One work that Linnik (1968) never mentioned is that of BL Welch (1947). Two decades earlier, Welch (1947), who, like Fisher, worked at University College London , made an approach to the exact solution of the Behrens-Fisher problem, which defines the boundary between the acceptance and rejection range of the test variable as a continuous function in would describe. Welch (1947) gives this limit for a given level of significance, initially for the empirical mean value difference as a function of the empirical variances and in the form of a partial differential equation of infinite order. He also describes the method of approximating the solution as precisely as desired using three Taylor expansions. The series expansion of this function shows that it can be factored into a product of the estimated standard deviation of the mean difference,, and a function that only depends on the variance quotient (and constants). The function standardized according to the test variable depends - as desired - only on the variance quotient . If Welch's series approach converged evenly, so that the function would be infinitely differentiable, i.e. also continuous, this would contradict Linnik's proof that such a function does not exist. It follows that Welch's approach cannot converge uniformly. Graphical representations of the function up to differently developed orders, with very small as well as somewhat larger , and make this conclusion appear quite credible, although for not too small , and the results with regard to the smoothness of and the accuracy of the numerically calculated error probabilities of the first kind are considerable are.
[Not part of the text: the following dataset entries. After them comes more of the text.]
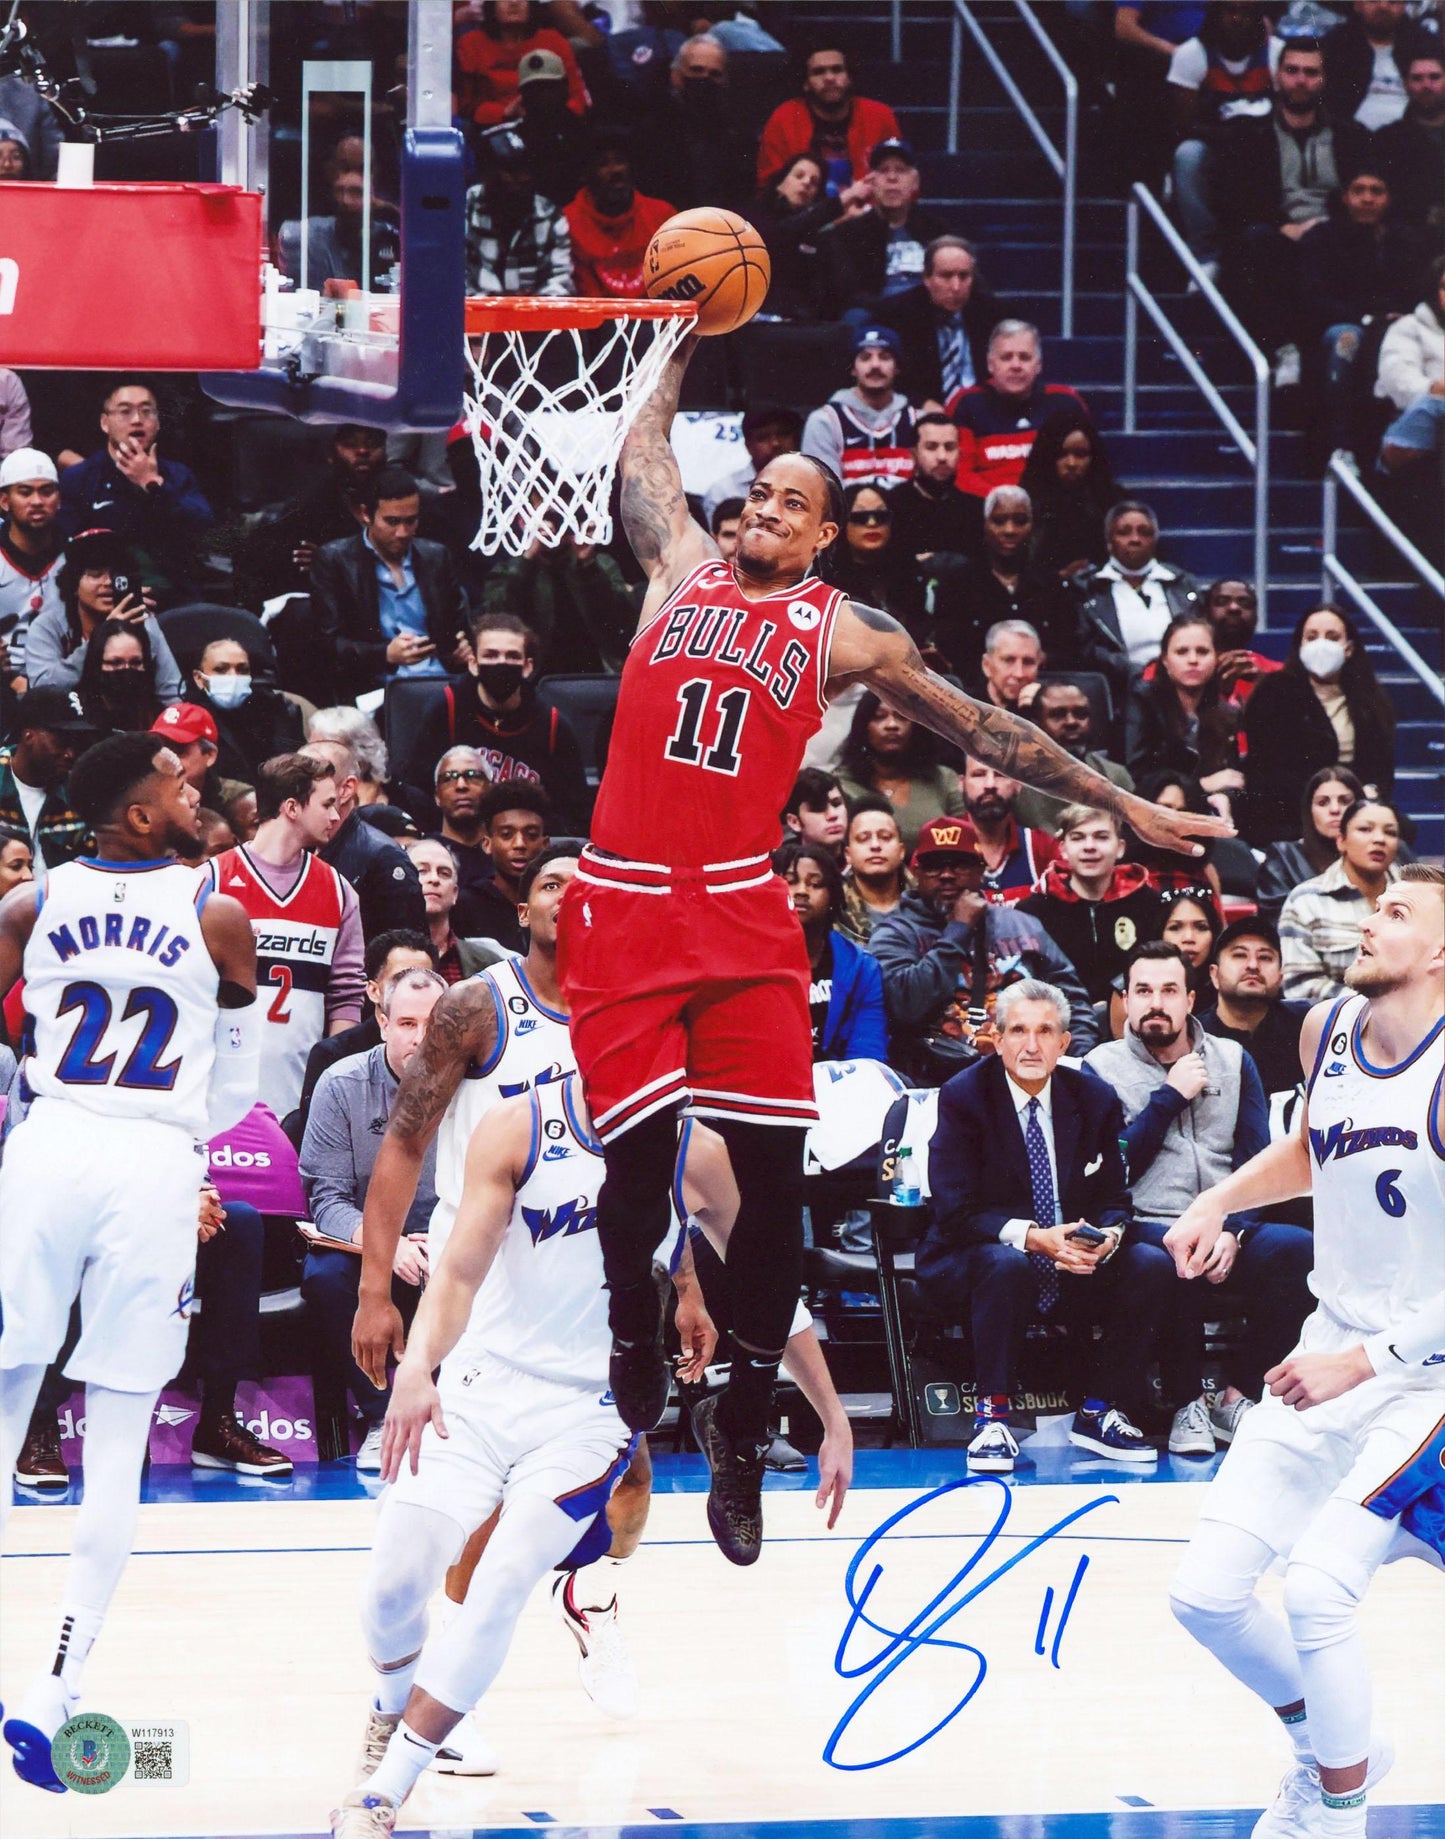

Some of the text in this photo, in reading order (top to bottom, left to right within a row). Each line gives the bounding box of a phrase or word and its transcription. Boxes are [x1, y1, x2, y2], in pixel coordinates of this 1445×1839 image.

[649, 604, 811, 711] BULLS
[663, 677, 752, 778] 11
[47, 912, 190, 968] MORRIS
[266, 964, 294, 1025] 2
[54, 980, 184, 1091] 22
[518, 1019, 538, 1030] NIKE
[548, 1144, 571, 1158] NIKE
[1375, 1168, 1408, 1219] 6
[63, 1720, 115, 1739] BECKETT
[131, 1728, 175, 1738] W117913
[66, 1769, 111, 1786] WITNESSED
Aspin's (1948) development of the series approach Welch to the fourth power in inverse numbers of degrees of freedom provides by far the most accurate approximation, unless , and are much smaller than usual. The resulting Welch-Aspin test is described in detail in Bachmaier (2000) in German.

The approximation in the so-called Welch test

There are several approximate approaches to solving the Behrens-Fisher problem. One of the most widely used approximations (for example in Microsoft Excel ) also comes from Welch. The test based on this Welch approximation is also known as the Welch test .

The variance of the mean difference is . Welch (1938) approximated the distribution by the Pearson curve of type III (a scaled chi-square distribution ) whose first two moments ( expectation and variance ) agree with those of . This applies to the following number of degrees of freedom (df) with generally non-integer values:

If the null hypothesis of equal expected values,, is valid , the distribution of the Behrens-Fisher test variable mentioned at the beginning , which depends a little on the quotient of the standard deviations ,, could be approximated by Student's t-distribution with these degrees of freedom. However, this now also contains the variances of the populations, which are unknown. In the end, the following estimate of the degrees of freedom, which is simply based on the replacement of the population variances with the sample variances, has prevailed:

However, this estimate makes it a random variable. However, there is no t-distribution with a random number of degrees of freedom. However, this does not prevent you from comparing the test variable with corresponding quantile values ​​of the t-distribution with the estimated degrees of freedom. In this way, an infinitely often differentiable function, dependent on the empirical variances, arises as the limit between the acceptance and rejection range of the test variable .

This method doesn't hold the level of significance exactly, but it's not too far from it. Only if the population variances, and , are identical or, in the case of rather small sample sizes, can be assumed to be at least nearly identical, Student's usual t-test is the better choice.